Les dépenses juridiques de BoA ont chuté pour le deuxième trimestre d’affilée, tombant à 175 millions de dollars entre avril et juin, contre 4 milliards un an plus tôt. Depuis 2008, le groupe a passé au moins 70 milliards de dollars de charges et provisions pour litiges, qui ont notamment purgé les conséquences du rachat désastreux du prêteur immobilier Countrywide cette année-là. La banque a accompli «un pas de géant» durant le trimestre vers «un environnement normalisé», a estimé mercredi son directeur financier Bruce Thompson. «A mesure que nous laissons derrière nous les problèmes hérités de la crise, nous pouvons nous concentrer sur la croissance de notre plate-forme avec nos clients», a-t-il ajouté.

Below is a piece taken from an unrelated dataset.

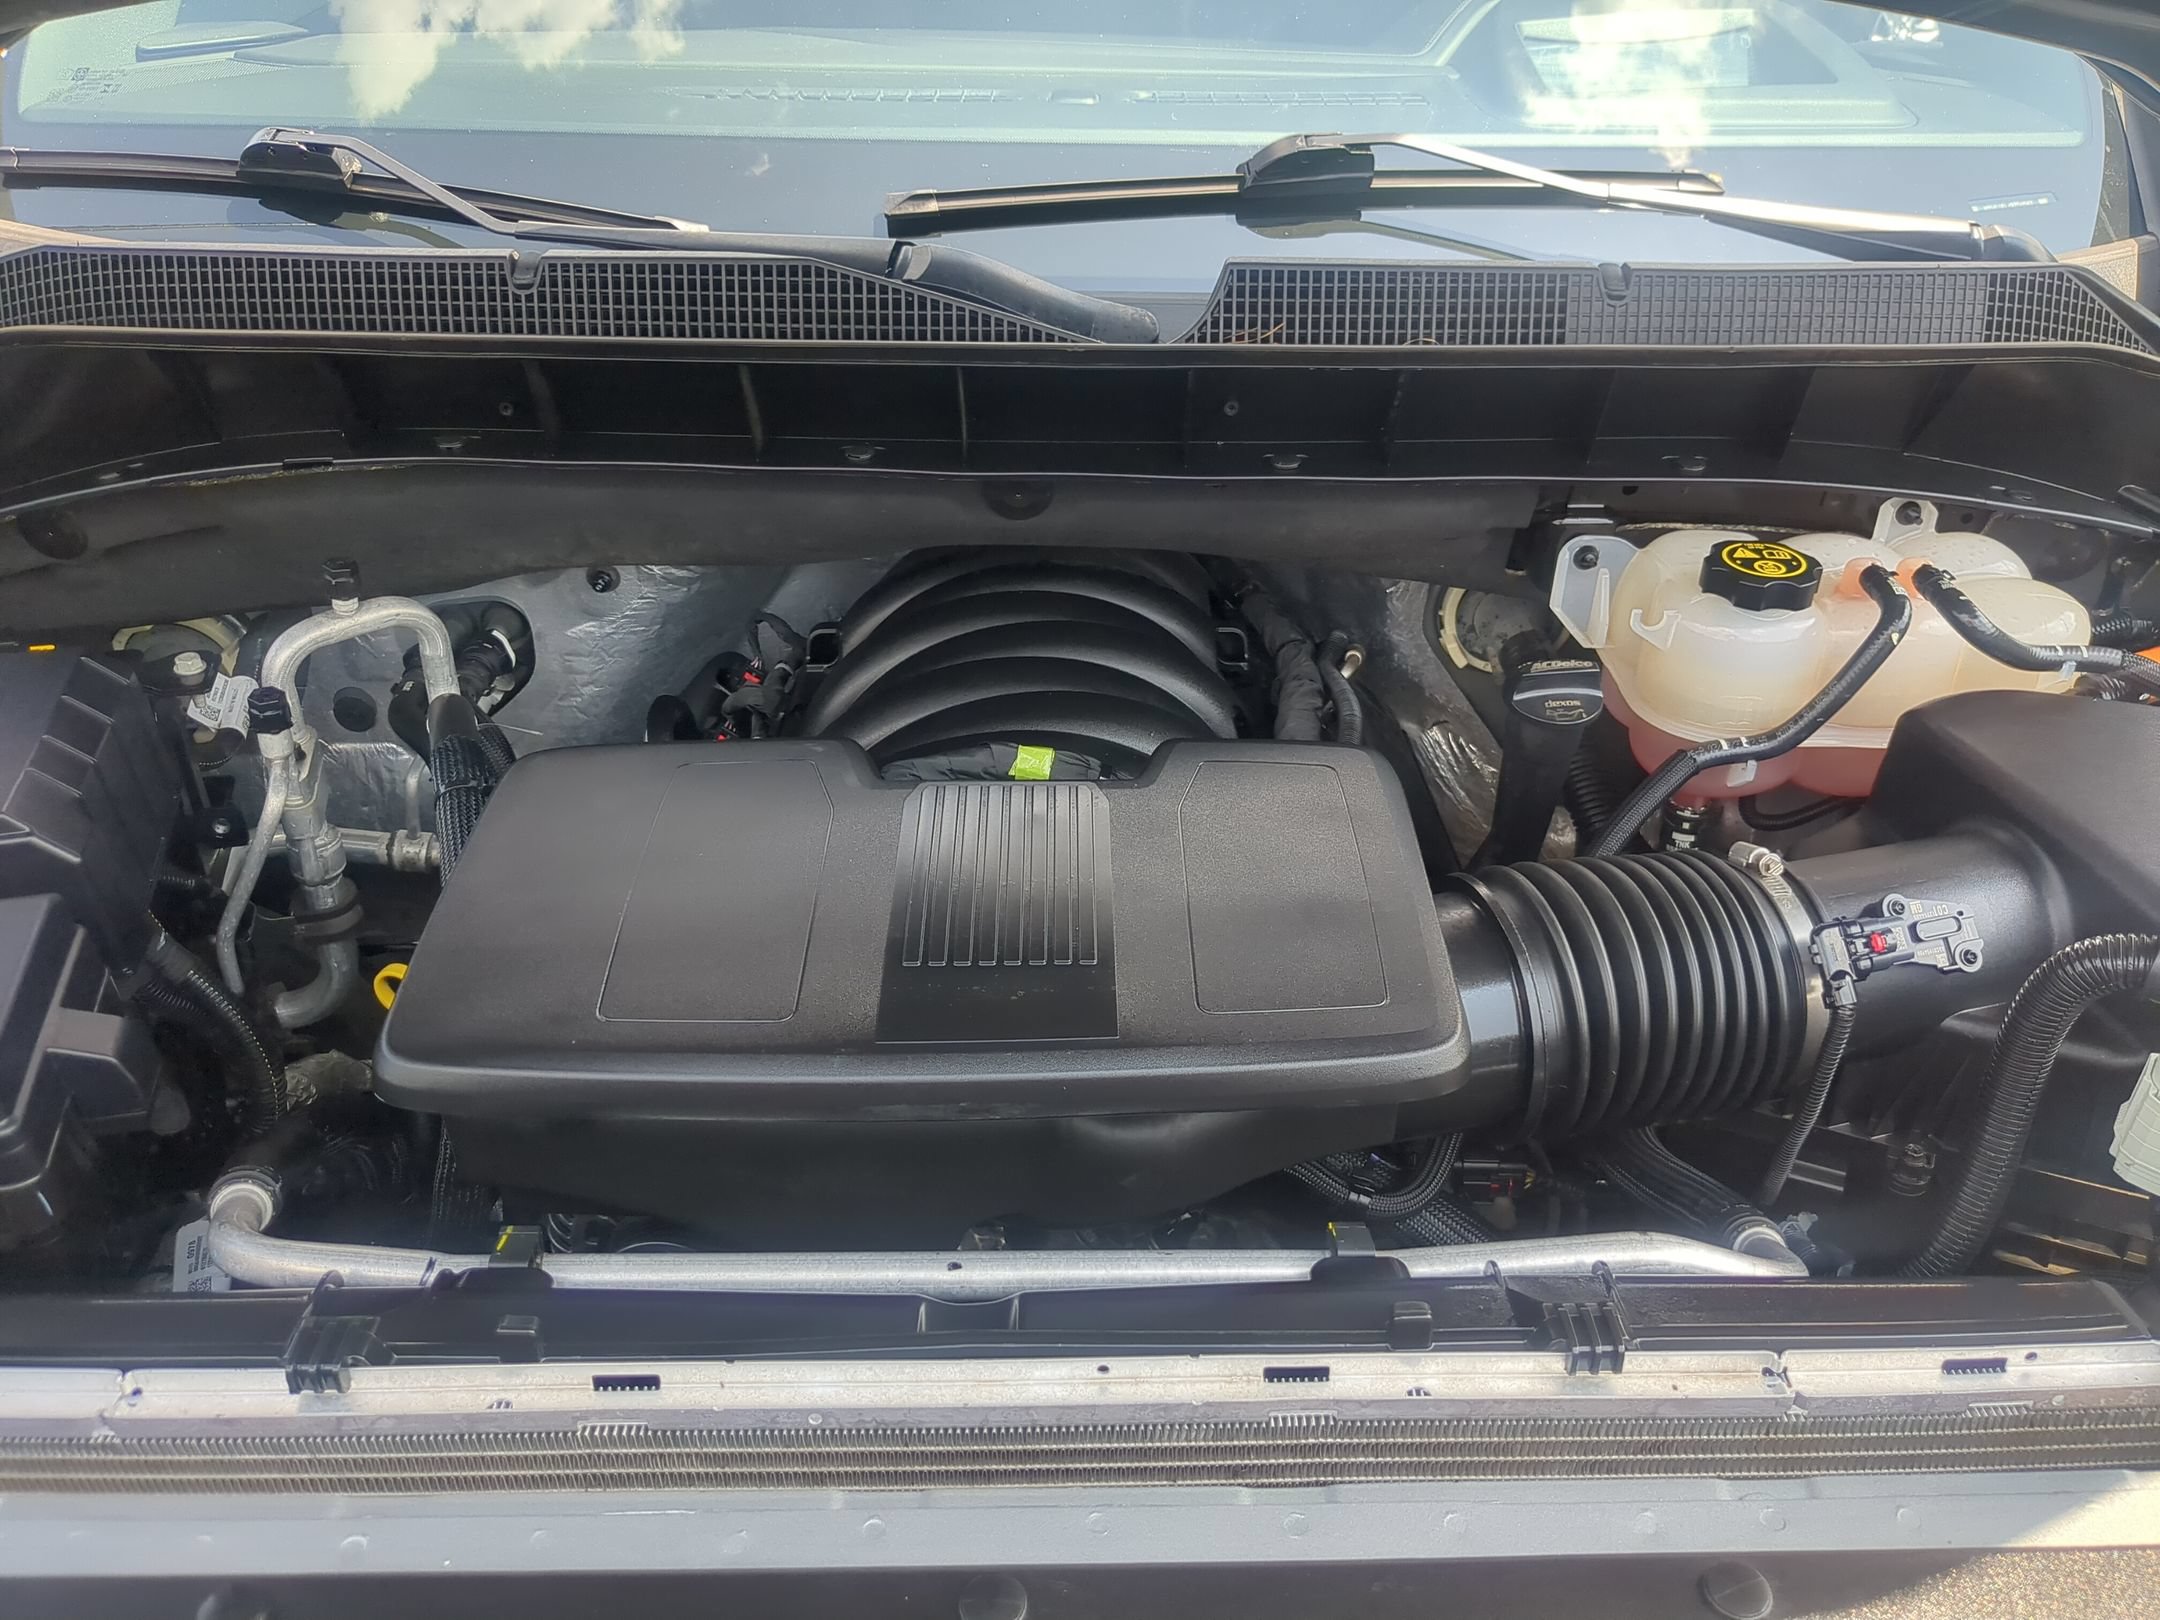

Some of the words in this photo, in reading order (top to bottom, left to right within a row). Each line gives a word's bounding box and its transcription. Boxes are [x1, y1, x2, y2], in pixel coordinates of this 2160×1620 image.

[1530, 660, 1594, 673] ACDelco
[1545, 699, 1581, 708] dexos
[1675, 840, 1691, 849] TNK

La banque, qui a connu un trimestre plus maussade dans les activités de marchés, a aussi profité d’une hausse de ses volumes dans les prêts immobiliers aux Etats-Unis. Grâce à sa large base de dépôts, BoA est «bien positionnée pour bénéficier d’un environnement de hausse des taux», a estimé Bruce Thompson. Janet Yellen, la présidente de la Réserve fédérale, a évoqué à nouveau la perspective d’une première hausse des taux directeurs américains en 2015.
Au total, le bénéfice net part du groupe de la deuxième banque américaine par les actifs a plus que doublé par rapport à la même période de l’an dernier, à 4,99 milliards de dollars (4,53 milliards d’euros), soit 45 cents par action, contre 2,04 milliards (19 cents/action) un an plus tôt. Les analystes prévoyaient en moyenne un bénéfice par action de 36 cents, selon Thomson Reuters I/B/E/S/. L’action Bank of America a ouvert en hausse de 2,3% sur la nouvelle à Wall Street. Il lui en faudra davantage pour combler son retard sur le secteur: ses grands concurrents JPMorgan ou Wells Fargo affichent des performances respectives supérieures à 10% et 5% cette année, alors que Bank of America est encore dans le rouge.